So you think you understand Python lambda functions?
tl;dr
This probably doesn't do what you think it does:
attrs = {f'{attr}': property(fget=lambda x: getattr(x, f'_{attr}'))
for attr in ['a', 'b', 'c']}
The rest of the story
At some point over the last few years I coded myself into a corner. Consider the following Python class:
class Foo:
def __init__(self, a=1, b=0):
self._a = a
self._b = b
@property
def a(self):
return self._a
@a.setter
def a(self, value):
self._a = value
@property
def b(self):
return self._b
@b.setter
def b(self, value):
self._b = value
In the library I'm working on, Foo
has several subclasses and users may further develop
new custom subclasses of Foo
or its children. In particular, these subclasses tend to
involve redefining one or more of Foo
's properties with getters that are state-based
and/or require heavy computations before returning a value. Maybe something like this:
import time
class Bar(Foo):
@property
def a(self):
time.sleep(5)
return 25
@property
def b(self):
time.sleep(2)
return 3
This isn't inherently a problem, but a separate part of the codebase operates on instances
of Foo
(or its subclasses) by repeatedly accessing its properties in a way that assumes
they are static during process execution:
def run(f: Foo):
for n in range(1000):
print(n + f.a + f.b)
Recomputing their values each time is unnecessarily slow and providing some temporary chache
mechanism would greatly improve performance. Because the property return values are free to
change at any time and only need to be cached (optionally) before the run()
function is
called, a traditional cache won't work here. Instead, the user will need to explicitly ask for
this temporary "freezing" to occur by calling a new freeze()
method. A brute force
solution looks something like this:
class Foo:
def __init__(self, a=1, b=0):
self._a = a
self._b = b
@property
def a(self):
return self._a
...
def freeze(self):
name = 'Frozen' + self.__class__.__name__
bases = (self.__class__,)
attrs = {'a': property(fget=lambda x: getattr(x, '_a')),
'b': property(fget=lambda x: getattr(x, '_b'))}
cls = type(name, bases, attrs) # dynamically construct a new type
frozenself = cls() # new instance of cls
# copy over all of self's attributes to frozenself
frozenself.__dict__.update(self.__dict__)

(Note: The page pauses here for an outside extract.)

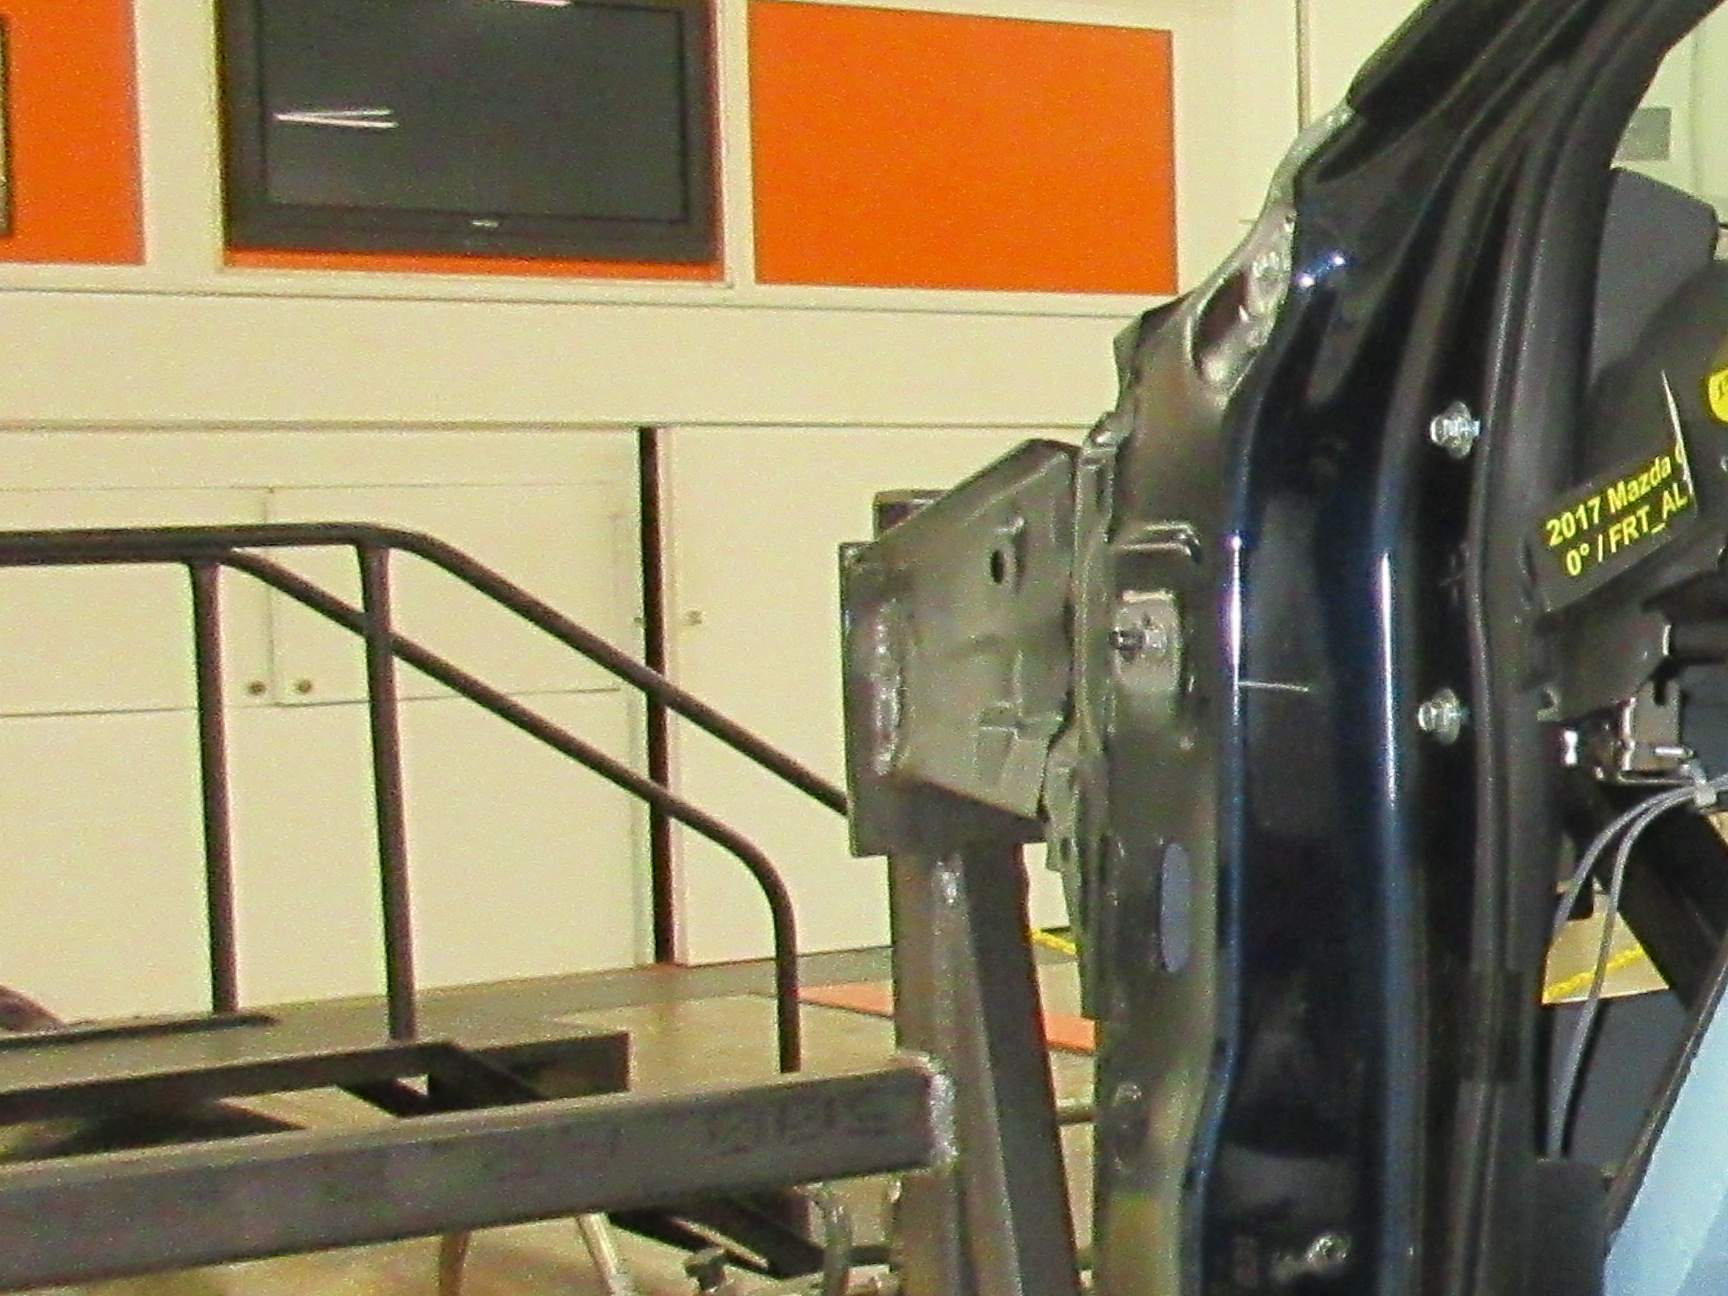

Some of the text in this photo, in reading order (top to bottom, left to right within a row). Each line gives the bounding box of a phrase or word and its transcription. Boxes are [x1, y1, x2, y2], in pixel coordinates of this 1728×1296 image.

[1545, 495, 1602, 548] 2017
[1606, 455, 1672, 515] Mazda
[1608, 482, 1692, 554] FRT_AL

# create static copies of the attributes we want to freeze
frozenself._a = self.a
frozenself._b = self.b
return frozenself
Calling Foo.freeze()
dynamically constructs a new type that looks exacly like
Foo
but has redefined the properties a
and b
to return self._a
and
self._b
, respecively. It then creates a new instance of this class, copies over
all of the original object's attributes, and forces the creation of static copies
of the return values for a
and b
. Calling freeze()
on an instance of
Foo
doesn't have any effect since Foo
's properties already return
self._a
and self._b
, but calling freeze()
on an instance of Bar
redefines the behavior of its a
and b
properties.
This does exactly what I want:
# object construction is fast
>>> bar = Bar()
# but property access is slow
>>> bar.a
25
>>> bar.b
3
# creating a frozen instance of bar is slow because we're making
# static copies of bar.a and bar.b
>>> barf = bar.freeze()
# but property access is now instant since we're just returning the frozen value
>>> barf.a
25
>>> barf.b
3
Unfortunately we need to support an arbitrary set of properties and probably want to
allow users to specify any additional properties to freeze. We'll add a
__freeze_attrs__
list and make freeze()
more general:
class Foo:
...
__freeze_attrs__ = ['a', 'b']
def freeze(self, *attrs):
freeze_attrs = [*self.__freeze_attrs__, *attrs]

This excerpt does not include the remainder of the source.